JAKARTA - Tumpukan lautan massa yang tumpah ruah memadati area lokasi seremonial pembukaan Muktamar ke-35 Nahdlatul Ulama (NU)—yang turut dihadiri secara langsung oleh Presiden RI Prabowo Subianto—memicu timbulnya kemacetan lalu lintas yang parah.
Situasi yang luar biasa padat tersebut praktis memaksa sejumlah pejabat tinggi negara yang hadir untuk beralih menggunakan moda transportasi alternatif demi bisa keluar dari titik kemacetan.
Merujuk pada hasil pemantauan langsung oleh tim Bisnis di lapangan, tampak Gubernur Bank Indonesia terpilih untuk masa jabatan 2026-2031, Destry Damayanti, terpaksa harus menumpang sebuah sepeda motor agar sanggup menerobos padatnya barisan massa serta kendaraan yang macet total dan sulit untuk dilalui.
Destry, yang sebelumnya baru saja merampungkan rangkaian prosesi uji kelayakan dan kepatutan (fit and proper test) sebagai kandidat tunggal pemegang kendali otoritas moneter negara di hadapan para anggota Komisi XI DPR RI pada hari Rabu (26/8/2026) hingga Kamis (27/8/2026), terlihat mengenakan setelan pakaian serba putih dipadu kerudung krem beraksen motif bordir.

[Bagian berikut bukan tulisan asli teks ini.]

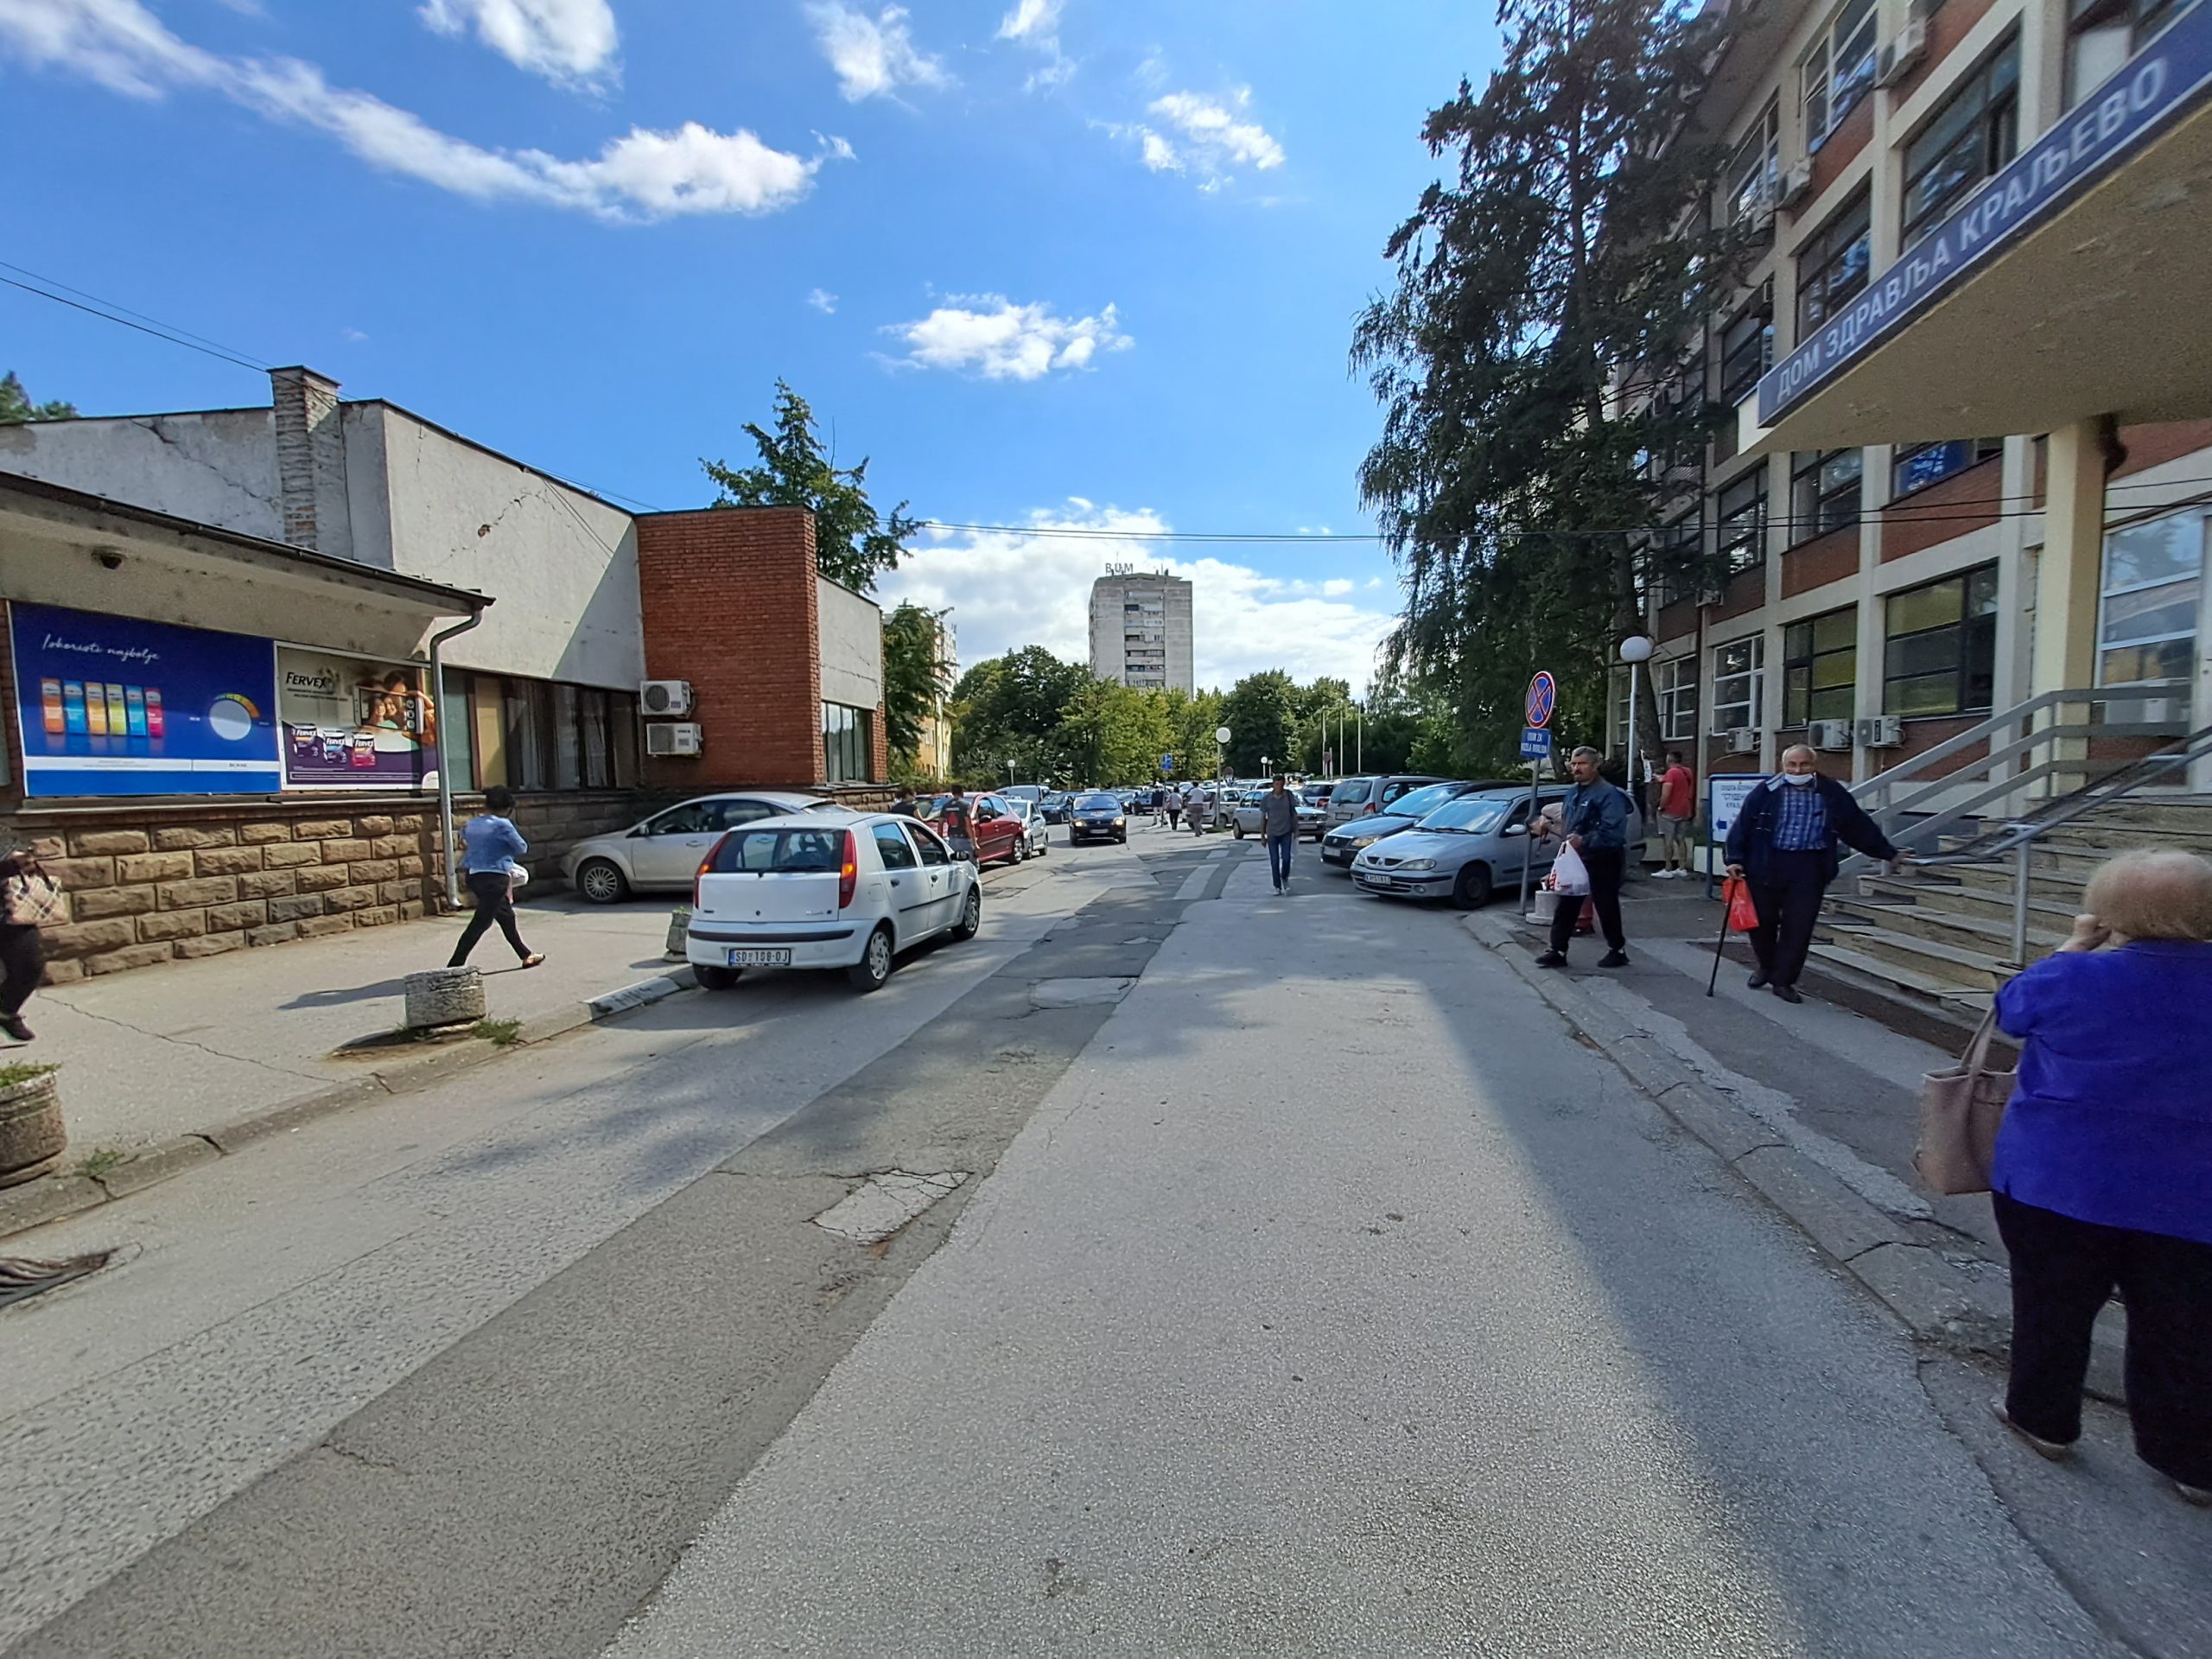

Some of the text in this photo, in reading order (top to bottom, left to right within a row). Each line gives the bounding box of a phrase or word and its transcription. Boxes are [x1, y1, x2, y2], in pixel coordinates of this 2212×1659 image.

[1777, 57, 2170, 403] ДОМ ЗДРАВЉА КРАЉЕВО
[285, 671, 327, 690] FERVEX

Pengalaman serupa pun dialami oleh Ketua Dewan Komisioner Otoritas Jasa Keuangan (OJK), Friderica Widyasari Dewi. Ia terlihat mengenakan balutan busana blazer batik bercorak hijau kebiruan serta pashmina bernuansa warna krem, dan terpaksa harus berjalan kaki demi menembus pekatnya kerumunan massa dengan pengawalan melekat dari aparat petugas keamanan.
Sebelumnya telah diwartakan bahwa Komisi XI DPR RI secara resmi telah memutuskan penetapan Destry Damayanti sebagai Gubernur Bank Indonesia (BI) definitif untuk periode 2026-2031 selepas merampungkan tahapan uji kelayakan dan kepatutan sebagai calon tunggal.

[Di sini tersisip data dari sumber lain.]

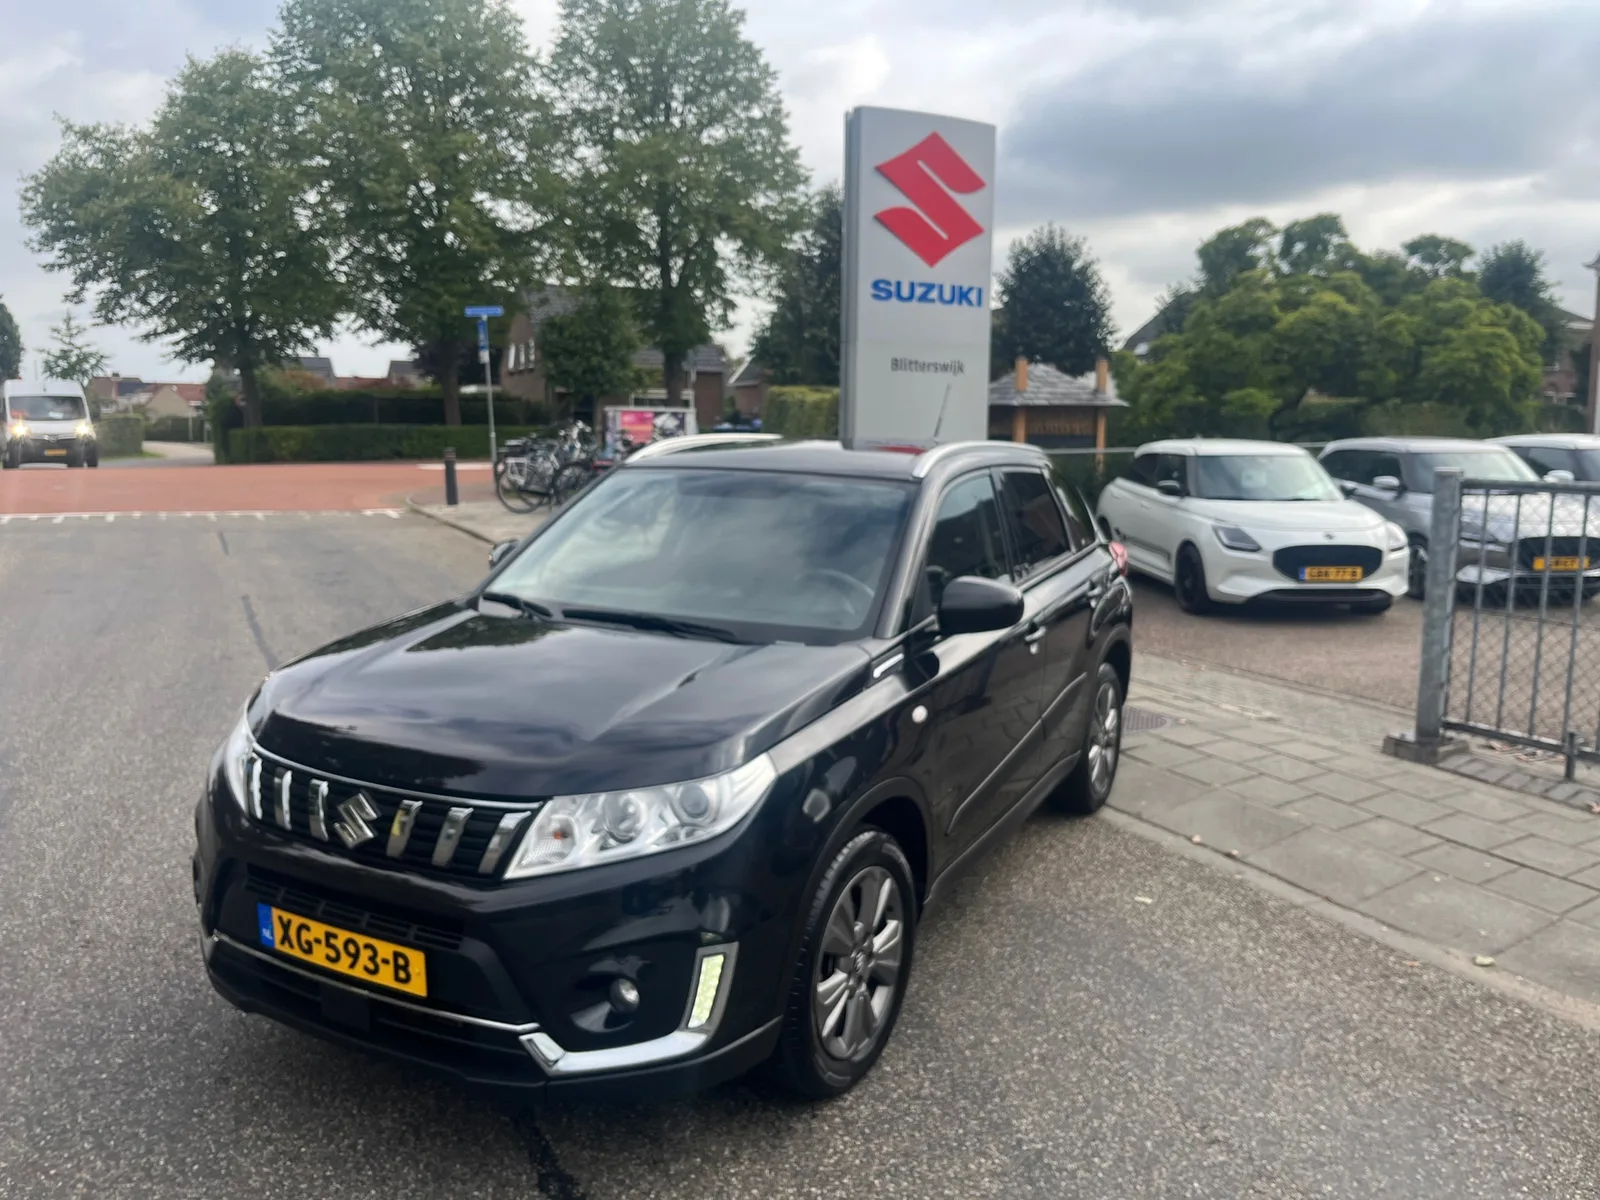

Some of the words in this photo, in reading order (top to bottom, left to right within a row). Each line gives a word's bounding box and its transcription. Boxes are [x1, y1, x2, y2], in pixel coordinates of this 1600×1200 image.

[871, 279, 983, 308] SUZUKI
[890, 357, 965, 376] Blitterswijk
[277, 914, 412, 985] XG-593-B

"Kami melalui keputusan rapat internal, secara musyawarah dan mufakat, kami telah menetapkan bahwa Ibu Destry Damayanti ditetapkan sebagai Gubernur Bank Indonesia periode 2026-2031," ujar Ketua Komisi XI DPR, Mukhamad Misbakhun, saat ditemui di Kompleks Parlemen Senayan, Jakarta, pada hari Kamis (27/8/2026).
Terpilihnya Destry Damayanti sebagai Gubernur BI ini diumumkan secara bersamaan dengan penunjukan Aida S. Budiman sebagai Deputi Gubernur Senior serta Solikhin M. Juhro sebagai Deputi Gubernur, yang masing-masing diproyeksikan untuk masa bakti periode 2026-2031 pula.
Misbakhun menjelaskan bahwa proses pemilihan ketiga figur Dewan Gubernur BI periode 2026-2031 tersebut ditempuh melalui mekanisme musyawarah untuk mencapai mufakat. Selanjutnya, ketiganya akan disahkan secara resmi dalam agenda rapat paripurna DPR yang dijadwalkan pada pekan depan, yakni hari Selasa (1/9/2026).
"Proses penggantian Gubernur, Deputi Gubernur Senior dan Deputi Gubernur telah dijalankan dan kami telah menuntaskan tugas-tugas di tingkat komisi, dan kami akan melaporkannya di rapat paripurna Selasa 1 September 2026," terang politisi senior dari Partai Golkar tersebut.
Sebagai catatan latar belakang, Destry saat ini masih mengemban amanah sebagai Deputi Gubernur Senior sekaligus Pelaksana Tugas Gubernur Sementara (PGS) Gubernur BI. Posisi pelaksana tugas tersebut dijabatnya secara otomatis menyusul pengunduran diri Perry Warjiyo dari kursi kepemimpinan sekitar dua tahun lebih awal dari masa akhir jabatannya. Destry juga tercatat sebagai satu-satunya calon tunggal yang diajukan oleh Presiden Prabowo Subianto ke lembaga DPR.
Guna mengisi kursi jabatan Deputi Gubernur Senior yang ditinggalkan oleh Destry, Presiden Prabowo mengajukan pencalonan Aida S. Budiman yang saat ini aktif menjabat sebagai salah satu dari empat Deputi Gubernur BI.
Sementara itu, untuk mengisi posisi lowong yang ditinggalkan oleh Aida, Kepala Negara mencalonkan Solikhin—yang kini bertugas sebagai Asisten Gubernur sekaligus Kepala Departemen Kebijakan Makroprudensial—serta Anwar yang memegang posisi sebagai Direktur Eksekutif Kepala Departemen Pengelolaan Uang.